The loan with First Bank Association, N.A. has been paid off. On April 14,
1999, 786,400 shares were transferred from the Trust to Shirley A. Rotter
(100 shares were already in the name of Shirley A. Rotter). On June 9, 1999,
786,500 shares were transferred from Shirley A. Rotter to the Shirley A.
Rotter Living Trust. Shirley A. Rotter's rights and obligations under the
Shareholders' Agreement remain in full force and effect.
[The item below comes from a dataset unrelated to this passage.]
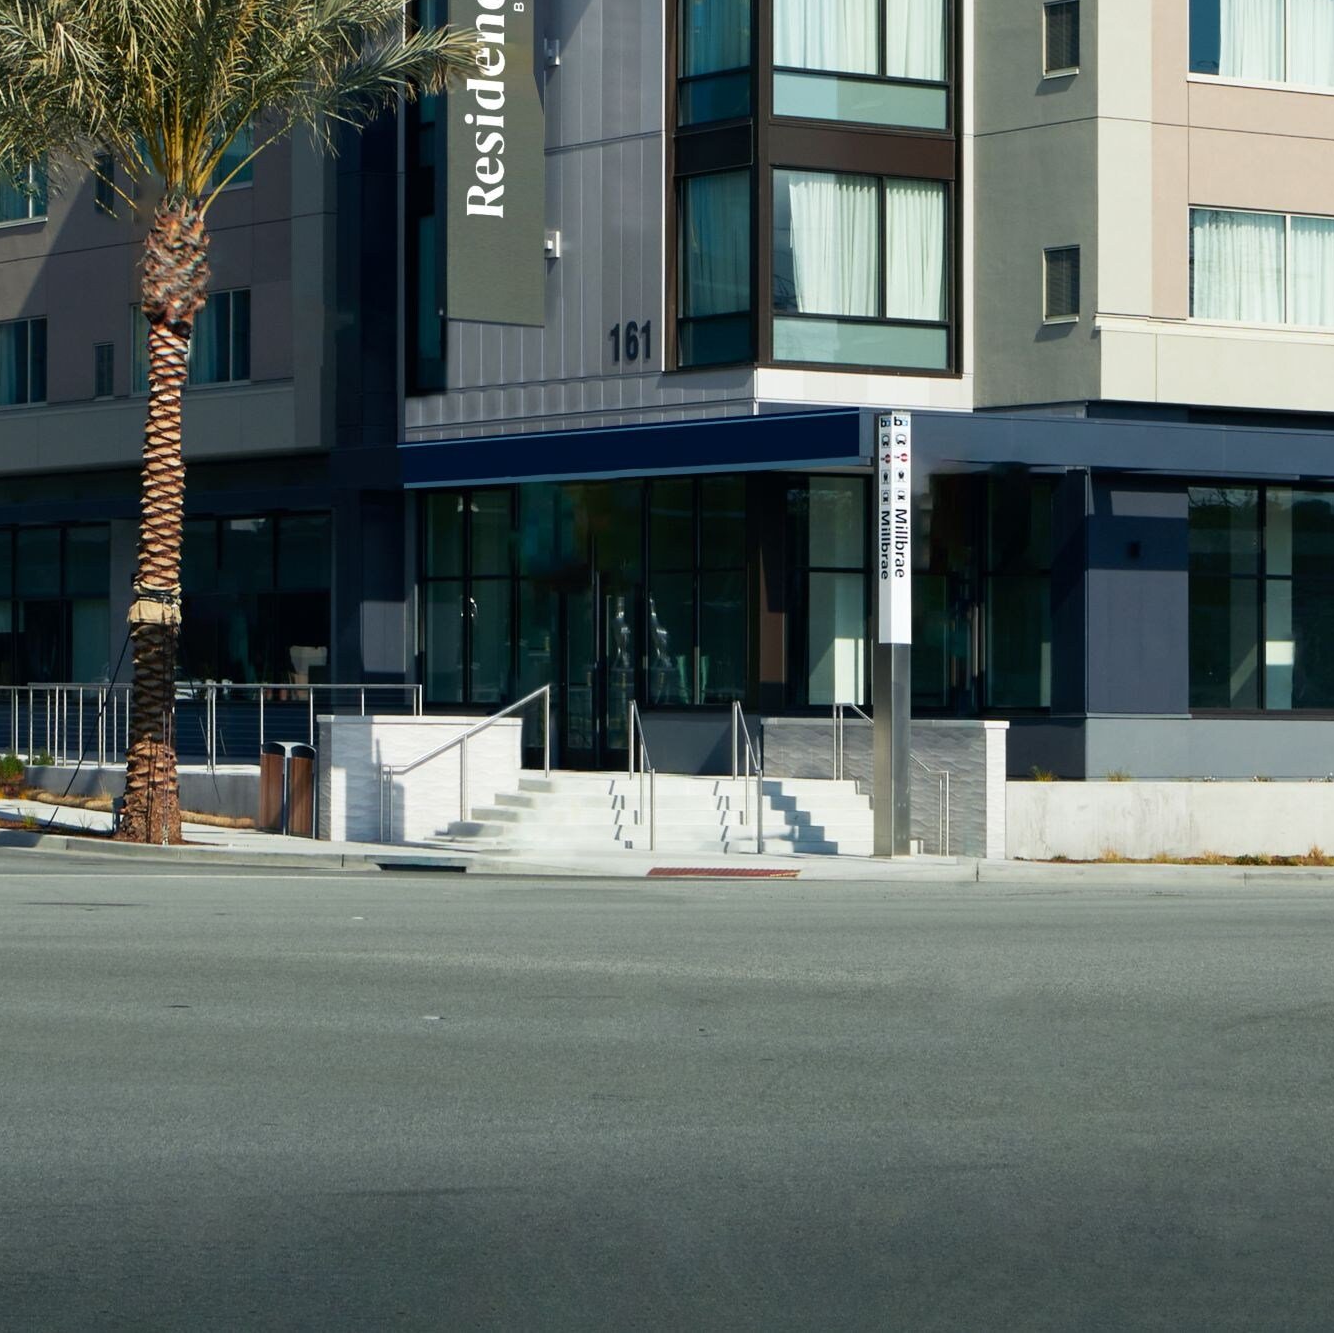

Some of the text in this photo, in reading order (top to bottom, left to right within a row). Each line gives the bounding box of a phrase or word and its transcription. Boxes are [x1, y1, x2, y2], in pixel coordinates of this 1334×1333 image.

[610, 320, 651, 362] 161
[881, 510, 891, 580] Millbrae
[895, 509, 908, 578] Millbrae
        The Shareholders' Agreement divides the Rotter families who own
shares into two groups, the "DR Group", whose controlling shareholder is
David H. Rotter and the "BR Group", whose controlling shareholder is Bernard
Rotter. The members of the groups, so long as they own their respective
shares, have agreed to (i) vote their shares in accordance with the
instructions of the controlling shareholder of their respective group and
(ii) certain restrictions upon their ability to transfer or otherwise dispose
of their shares to third parties in the event of certain voluntary lifetime
transfers, upon death and in the case of involuntary transfers. If any of the
members of the DR Group desire to dispose of their shares without the consent
of David H. Rotter, such member must first offer the shares to David H.
Rotter, and if he does not elect to acquire such shares, then to Bernard J.
Rotter. Similarly, if any member of the BR Group desires to dispose of his or
her shares without the consent of Bernard J. Rotter, such member must first
offer such shares to Bernard J. Rotter, and if he does not elect to acquire
such shares, then to David H. Rotter. David H. Rotter and Bernard J. Rotter
have agreed that they will offer their respective shares to the other in the
event of a proposed lifetime transfer, and each has given to the other the
option to purchase his shares upon death, disability or in the event of an
involuntary transfer.


<PAGE>



ITEM 5

Ownership of Five Percent or Less of a Class.

        Not applicable.

ITEM 6

Ownership of More than Five Percent on Behalf of Another Person.

        Not applicable.

ITEM 7

Identification and Classification of the Subsidiary Which Acquired the
Security Being Reported on By the Parent Holding Company.

        Not applicable.

ITEM 8

Identification and Classification of Members of Group.

        Not applicable.

ITEM 9

Notice of Dissolution of Group.

        Not applicable.

ITEM 10

Certification.

        Not applicable.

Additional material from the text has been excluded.